Another noteworthy case is Washington’s hostility towards the International Court of Justice (ICJ) treaty, which is the principal judicial court of the United Nations (UN). The US government’s refusal to sign the treaty stems from its avoidance of liability if and when US military personnel and political leaders misbehaved overseas, thus giving them immunity from persecution.

In addition to avoiding the jurisdiction of the International Criminal Court (ICC), the United States has been actively undermining the global standard of justice, including when it threatened to withdraw from peacekeeping missions in Europe and South East Asia if US personnel were not given complete immunity from persecution. This is under the auspices of the relatively recent American Servicemember’s Protection Act (ASPA), which was passed by the Congress and signed by former President George Bush in the early 2000s. In addition, the US actively sought to sign bilateral agreements with other nations which required countries not to surrender American nationals to the jurisdiction of the ICC.

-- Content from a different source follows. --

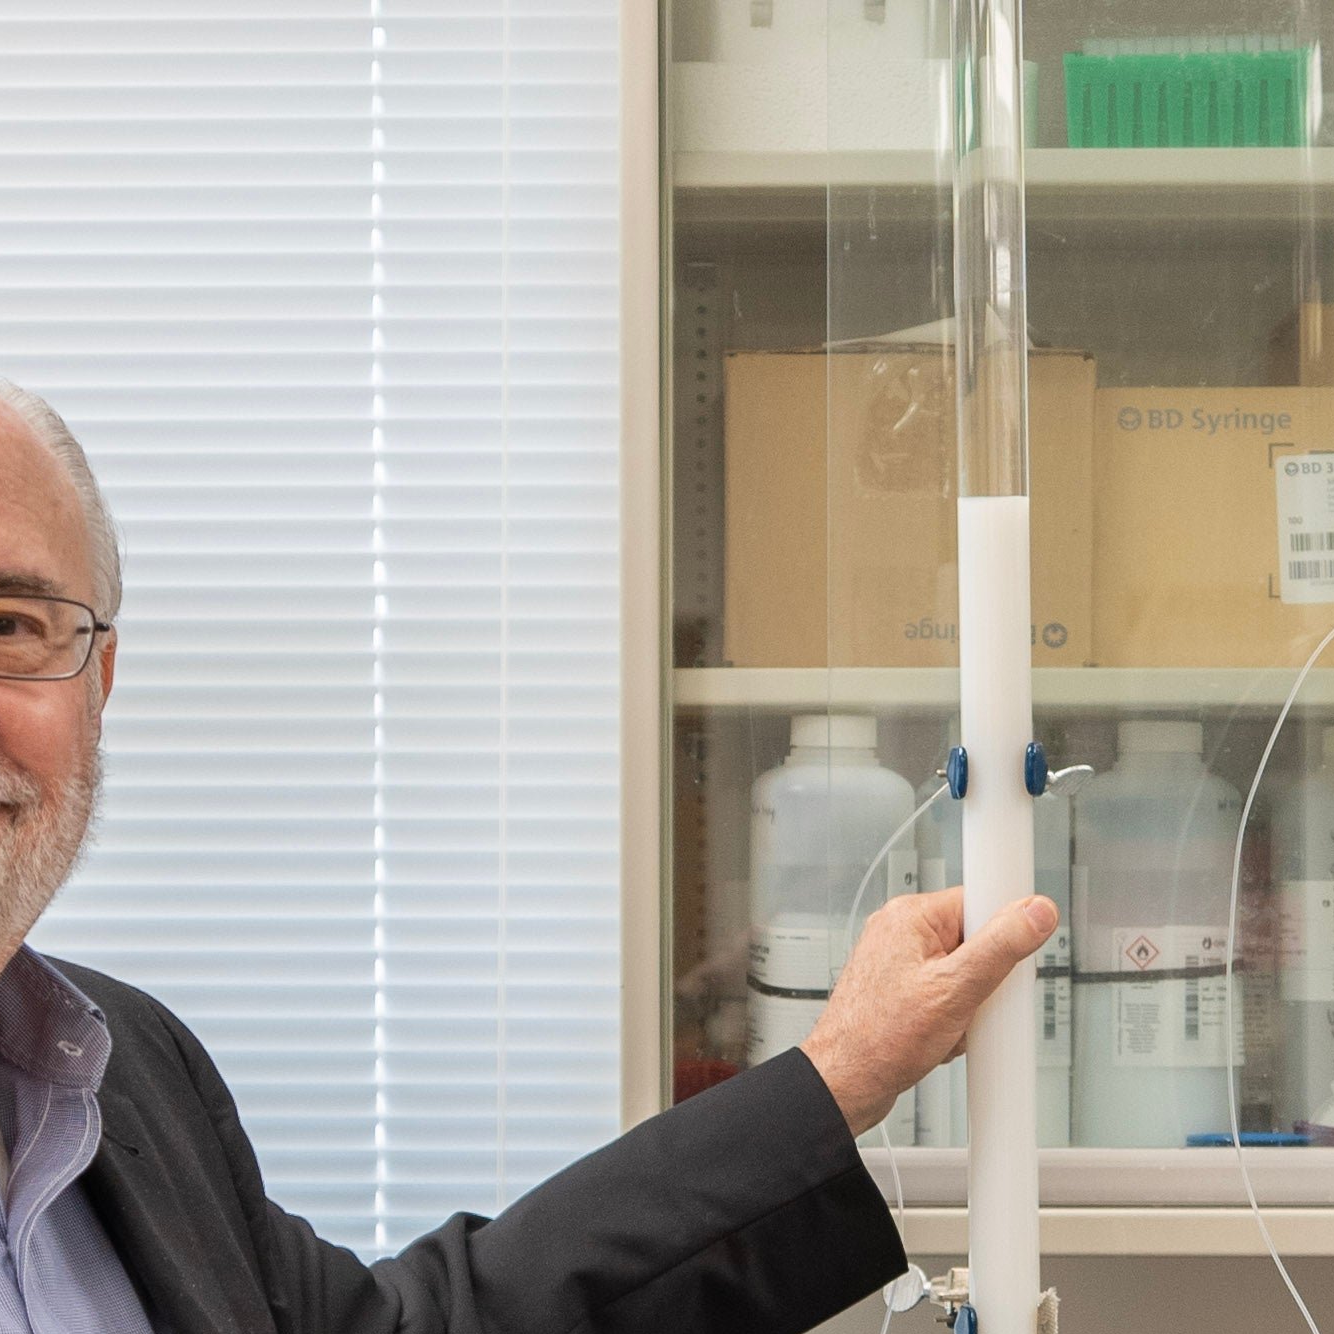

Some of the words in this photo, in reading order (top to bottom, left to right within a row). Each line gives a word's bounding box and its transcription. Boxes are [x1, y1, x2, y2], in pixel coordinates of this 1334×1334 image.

[1147, 408, 1184, 430] BD
[1191, 407, 1292, 435] Syringe
[1301, 462, 1322, 475] BD
[904, 618, 960, 644] inge

In the realm of nuclear arms control, the United States also withdrew from the landmark Anti-Ballistic Missile (ABM) Treaty of 1972, which imposed limits on the US and Russia (then the Soviet Union) regarding the deployment of defensive weapons. The treaty was signed in order to reduce the need to develop new anti-ballistic missile systems putting each country vulnerable and denying them any advantage of a first-strike nuclear capability. Despite Russia’s opposition, the United States withdrew from the treaty in June 2002.

As for the landmark Paris Climate accord, the US government’s refusal to be part of the global efforts to curb greenhouse gas emissions that will lead the world to its human-induced destruction speaks volumes about America’s behavior against being a responsible nation. President Trump’s withdrawal from the Paris treaty also includes halting contributions to the UN Green Climate Fund (to help poorer countries adapt to climate change policies) as well as refusing to report on its carbon emissions.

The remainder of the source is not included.